Шахкей, говоря о том, что молодой номарх собрал у себя в загородном доме заговорщиков, имел в виду людей власти Верхнего Египта, княжеских родственников, начальников городских стражников, командиров наёмных ливийских и нубийских отрядов, что нанимали купеческие сообщества для охраны своих караванов во время перехода через восточную пустыню. Гиксос размышлял по-гиксосски, считая, что вербовать сторонников имеет смысл лишь из числа тех, кто может явиться с каким-то количеством вооружённых людей. Яхмос был египтянином и знал поэтому, что любое большое движение может в его стране начаться лишь с благословения водителей народного духа, и поэтому собрал у себя настоятелей храмов главных божеств каждого нома. Он с удовольствием обошёлся бы без них, но обойтись не мог. Он слишком хорошо представлял себе породу этих людей, поэтому заранее подумал о способе, каким можно использовать настроения собранного в одну кучу жречества. Кстати, сам процесс сбора заслуживал бы отдельного описания и несомненного восхищения решительностью и изобретательностью молодого правителя. Жрецы разных божеств как минимум не доверяли друг другу, чаще же просто ненавидели и презирали. Непримеримее всего были служители одного бога из разных номов. Например, верховный жрец Гора из Ни-ент-бака, что в номе Туф, считал верховного жреца Гора из Теба, что в номе Тёс-Гор, своим злейшим врагом. Усадить их рядом было немыслимо, и ради успеха сборища одним жрецом из двенадцатого менее богатого и влиятельного нома Туф пришлось пожертвовать.

Остальных Яхмос перехитрил, приглашая каждого как бы по отдельности. Одни прибыли из любопытства, другие из алчности, ибо всем обещались значительные подарки, третьи (самые бедные и захудалые) были просто польщены тем, что о них вспомнили.

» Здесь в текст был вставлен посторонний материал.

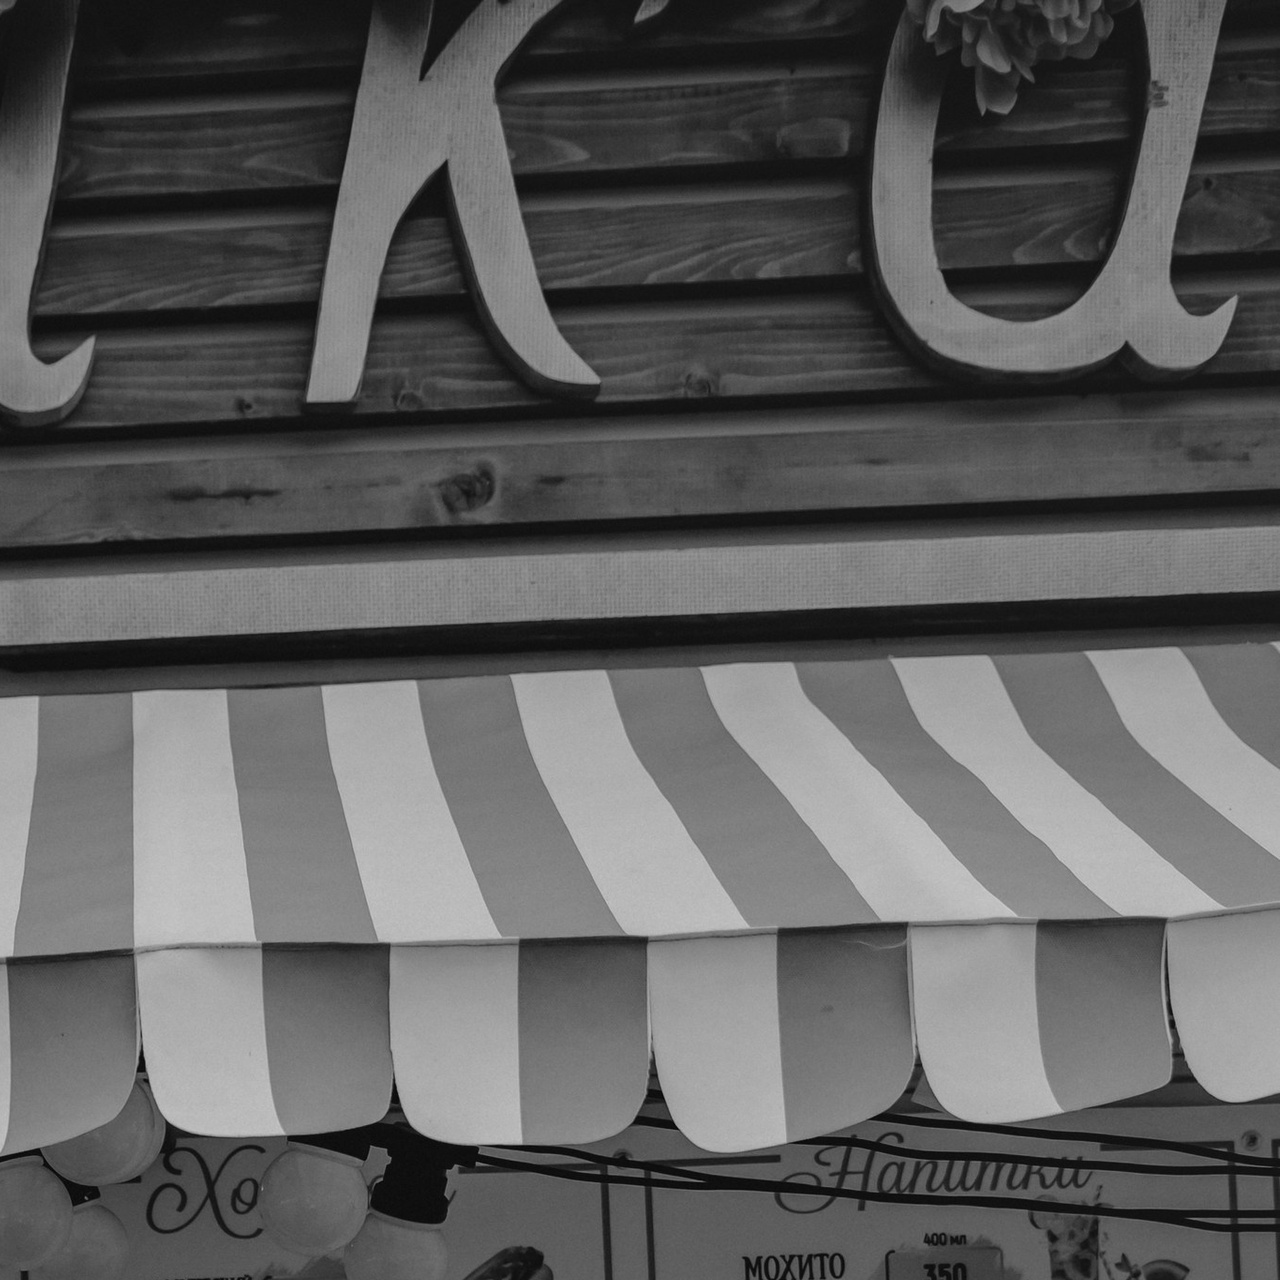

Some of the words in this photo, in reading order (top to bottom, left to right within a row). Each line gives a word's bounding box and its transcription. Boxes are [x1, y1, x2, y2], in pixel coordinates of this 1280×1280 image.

[774, 1132, 1094, 1215] Напитки
[924, 1233, 950, 1247] 400
[948, 1233, 967, 1247] мл

Увидев себя в неожиданном, но столь представительном обществе, святые отцы испытали смешанные и сложные чувства. Смущало то, что в этом собрании не было видно первого из священнослужителей Верхнего Египта, верховного жреца храма Амона-Ра в Фивах его святейшества Аменемхета. С другой стороны, в насыщенной атмосфере, окружившей святейшее собрание, плавали какие-то туманные, но громадные обещания, и просто уехать, демонстрируя абстрактную лояльность неизвестно где пропадающему Аменемхету, ни у кого не хватило воли. В конце концов, в Темсене собрались почти все, значит, в случае чего и виноваты перед Аменемхетом будут все, а в такой ситуации не виноват никто.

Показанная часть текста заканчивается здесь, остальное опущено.